By
BARRON H.
LERNER, M.D.
When I was
growing up, the word “willpower” was used a lot. If only one was strong enough
to resist sweets, according to logic of the time, one could stay thin.
Yet today,
based on a series of scientific discoveries, the importance of willpower in
promoting weight loss is becoming an obsolete notion. Is it worth saving?
The concept of
willpower came less from scientific data than from Christian teachings about
the dangers of temptation. Gluttony, after all, was one of the seven deadly
sins, up there with pride, greed, extravagance, envy, wrath and sloth.
The late 19th
century was perhaps the heyday of the revolt against what John C. Burnham, a
historian at Ohio State University, calls “bad habits.” Groups like the Salvation
Army and the Women’s Christian Temperance Union urged sinners to stop
drinking, gambling and smoking.
Comparable
sentiments characterized writings about obesity. In 1946, Wilson G. Smillie, a public health professor at Cornell,
wrote that the physician should appeal to the obese patient’s “ability to
manifest self-control.” Weight-loss programs like Overeaters Anonymous and
Weight Watchers have reflected this philosophy.
Similarly, many
physicians have also discouraged surgical procedures like stomach stapling or
shortening of the intestines, not only because of their risks but also because
they were somehow seen as quick fixes for lazy patients who do not stick to
their diets.
But as critics
have pointed out, while willpower can work, it usually does not. A study
published in The Journal of the American Medical Association in 2005 found that regardless of
the diet attempted, patients lost an average of only 5 percent
of their baseline weight after one year. And dropout rates exceeded 40 percent.

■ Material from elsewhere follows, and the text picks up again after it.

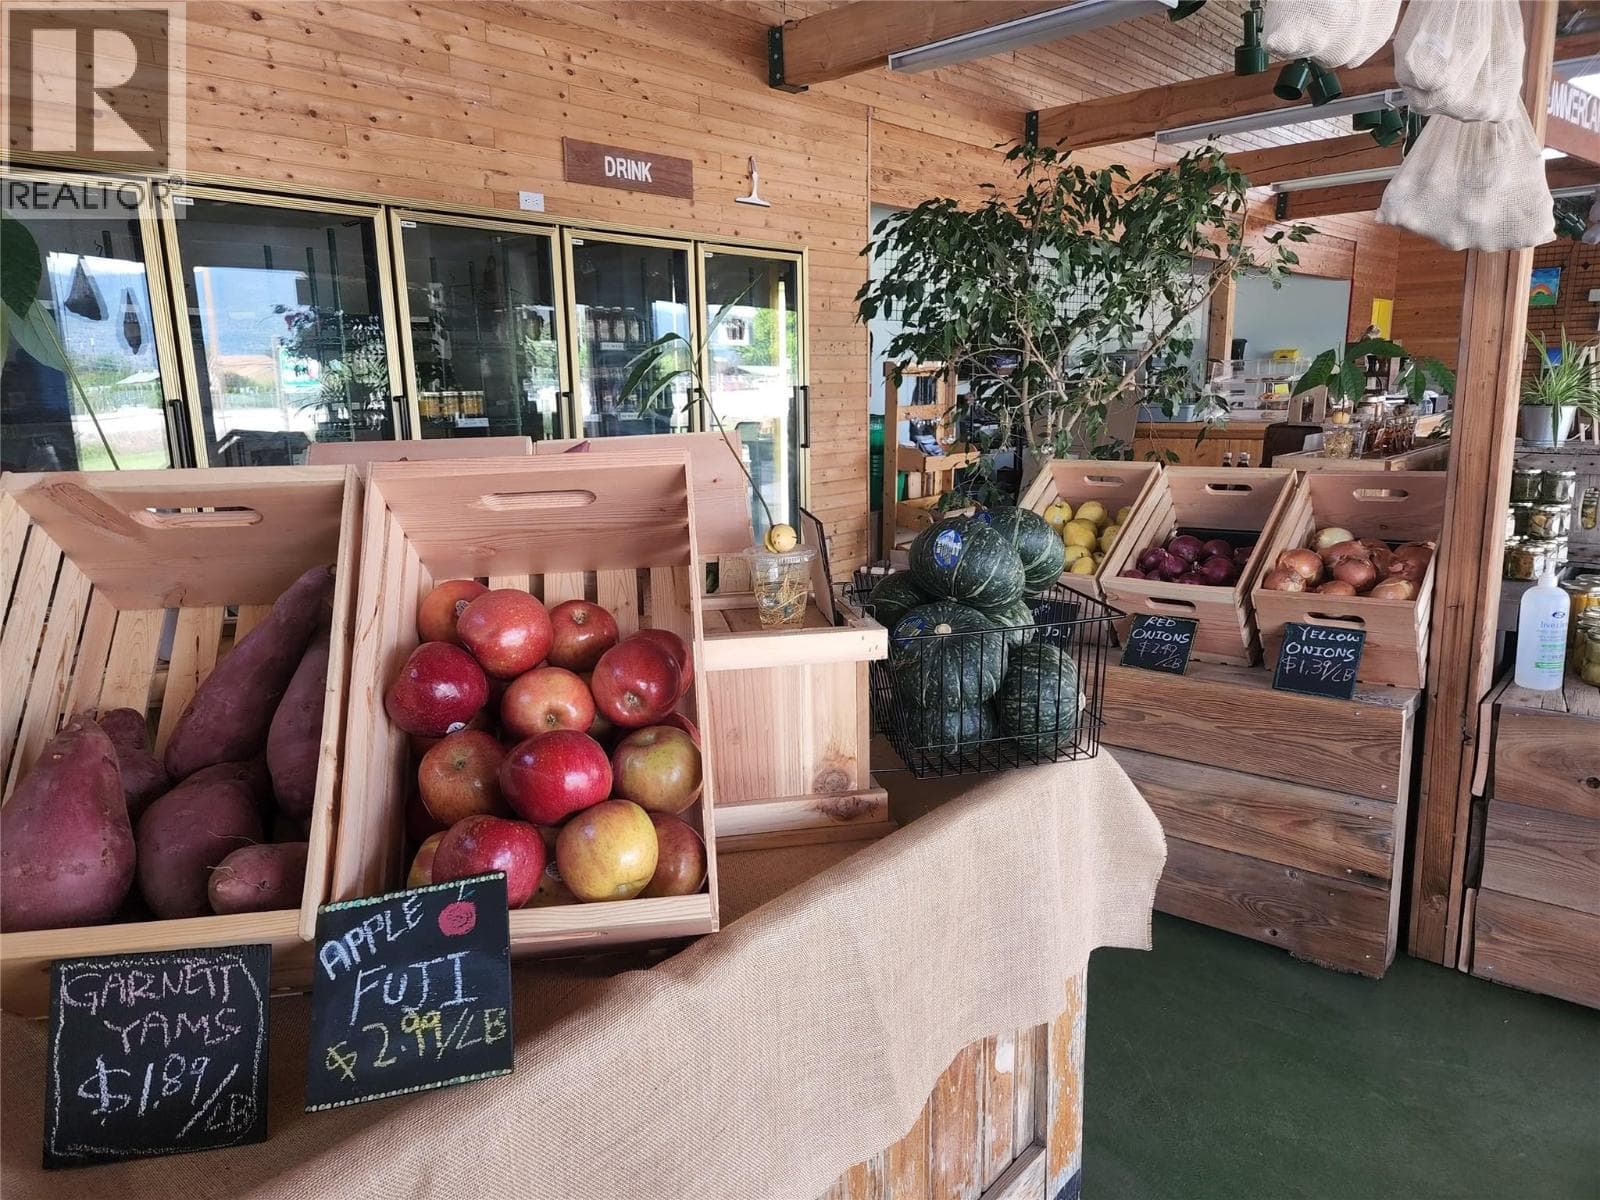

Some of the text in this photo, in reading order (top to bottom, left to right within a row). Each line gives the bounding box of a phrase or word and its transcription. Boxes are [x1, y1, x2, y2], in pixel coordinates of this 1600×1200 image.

[A newer study is reported on this page today, in Vital Signs.]
As a result,
strategies for promoting weight loss have recently begun to shift from a focus
on individual behaviors to a public health approach.
As the late Dr.
Donald H. Gemson of the Mailman School of Public Health at Columbia once put
it, “the causes of the obesity epidemic are environmental, and the answers will
be as well.” Rather than simply urging people to eat better and exercise more,
experts like Dr. Gemson have increasingly argued that society has to facilitate
such changes by reducing the availability of high-calorie foods, advertisements
of junk food to children and reliance on automobiles, while increasing access
to healthy foods and exercising.
The
environmental theory of obesity is prompting governmental interventions, like
New York City’s ban on most trans fats in restaurant food. And environmental
strategies have successfully been used in other areas that formerly relied on
moral suasion. For example, taxes on cigarettes have contributed greatly to
lowered smoking rates. Legislatures have enacted laws making restaurants liable
if they permit drunk patrons to drive home.
So will people
necessarily lose weight if society actively discourages fattening foods? Maybe
not. Consider the genetic hypothesis, the latest reassessment of the obesity
problem.
Research
suggesting a strong hereditary predisposition to obesity goes back several
decades, but several recent findings have put this theory into the forefront.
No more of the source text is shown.